At the same time, some scientists warn that reanalysis data should not be equated with “real” observations and measurements (e.g., Schmidt 2011; Bosilovich et al. 2013). But if there are important differences between reanalysis data and familiar observations and measurements, such as those obtained from thermometers and rain gauges, what are these differences exactly? This essay examines four possible answers, considering how well each stands up to scrutiny. Some purported differences are shown to be illusory, while others are argued to be less significant than one might think. The most important difference is simply that errors and uncertainties associated with reanalysis results are often less well understood than those associated with observations. This difference can make it difficult to know what today’s reanalysis datasets can—and cannot—be appropriately used for, and points to the need for increased efforts to understand and communicate the strengths and limitations of reanalysis systems.
DATA ASSIMILATION AND REANALYSIS.
In general terms, data assimilation can be characterized as a process in which available information is used to estimate as accurately as possible the state of a system (Talagrand 1997).
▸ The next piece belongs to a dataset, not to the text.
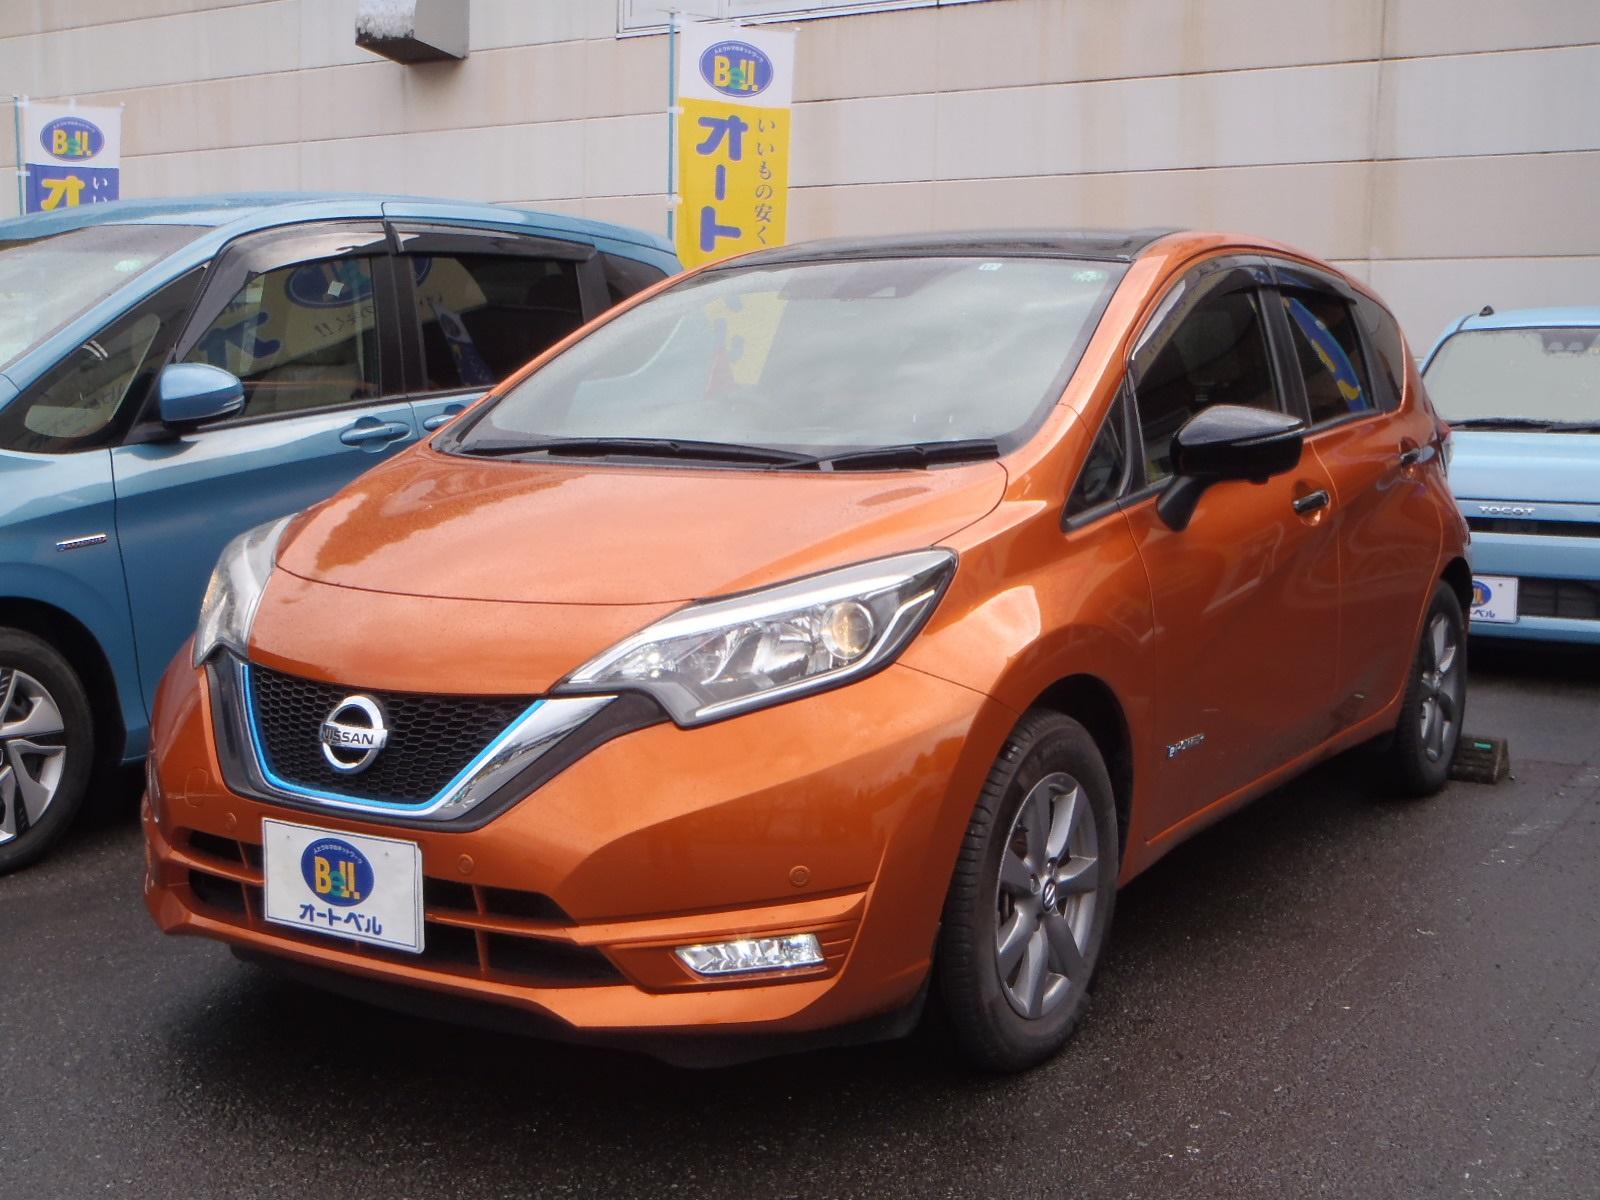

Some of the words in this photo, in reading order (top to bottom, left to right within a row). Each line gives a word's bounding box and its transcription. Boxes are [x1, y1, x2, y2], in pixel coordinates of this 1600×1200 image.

In atmospheric data assimilation, this information typically includes both observations from a variety of sources—ground-based stations, ships, airplanes, and satellites—and forecasts from numerical weather prediction (NWP) models. The NWP forecast(s) provides a first-guess estimate of the atmospheric state, which is then updated in light of the observations. Different assimilation methods perform the updating somewhat differently (see, e.g., Kalnay 2003; Rabier 2005).
Data assimilation is a crucial part of operational NWP today. It is used to produce the analysis of current conditions that serves as the starting point for the next NWP forecast cycle; from gappy observations, the assimilation system delivers a complete gridded state estimate that provides values (initial conditions) for all NWP model variables at all grid points. Advances in data assimilation methodologies in recent decades have been credited with significantly improving NWP forecasts (Kalnay 2003).
Since the 1990s, data assimilation also has been used to construct long-term datasets for use in climate and other research, in a process known as retrospective analysis, or reanalysis (Trenberth and Olson 1988; Bengtsson and Shukla 1988). Reanalysis involves performing data assimilation for past periods, using a current NWP model and data assimilation method and some or all of the data that are now available for those past periods. It produces a long sequence of comprehensive snapshots (analyses) of atmospheric conditions—a reanalysis dataset.1
The first major atmospheric reanalysis project was the National Centers for Environmental Prediction–National Center for Atmospheric Research (NCEP–NCAR) 40-Year Reanalysis (Kalnay et al. 1996), which delivered global analyses at subdaily intervals for the period 1957–96. Numerous other reanalysis projects have since been undertaken, covering various spatial and temporal domains (see, e.g., Bromwich et al. 2010; Rienecker at al. 2011; Dee et al. 2011; Compo et al. 2011). The University Corporation for Atmospheric Research (UCAR) Climate Data Guide (Dee et al. 2015) provides an overview of key features of recent atmospheric reanalysis projects, including the time periods they cover, the frequency of data they provide, and the types of assimilation methods they employ.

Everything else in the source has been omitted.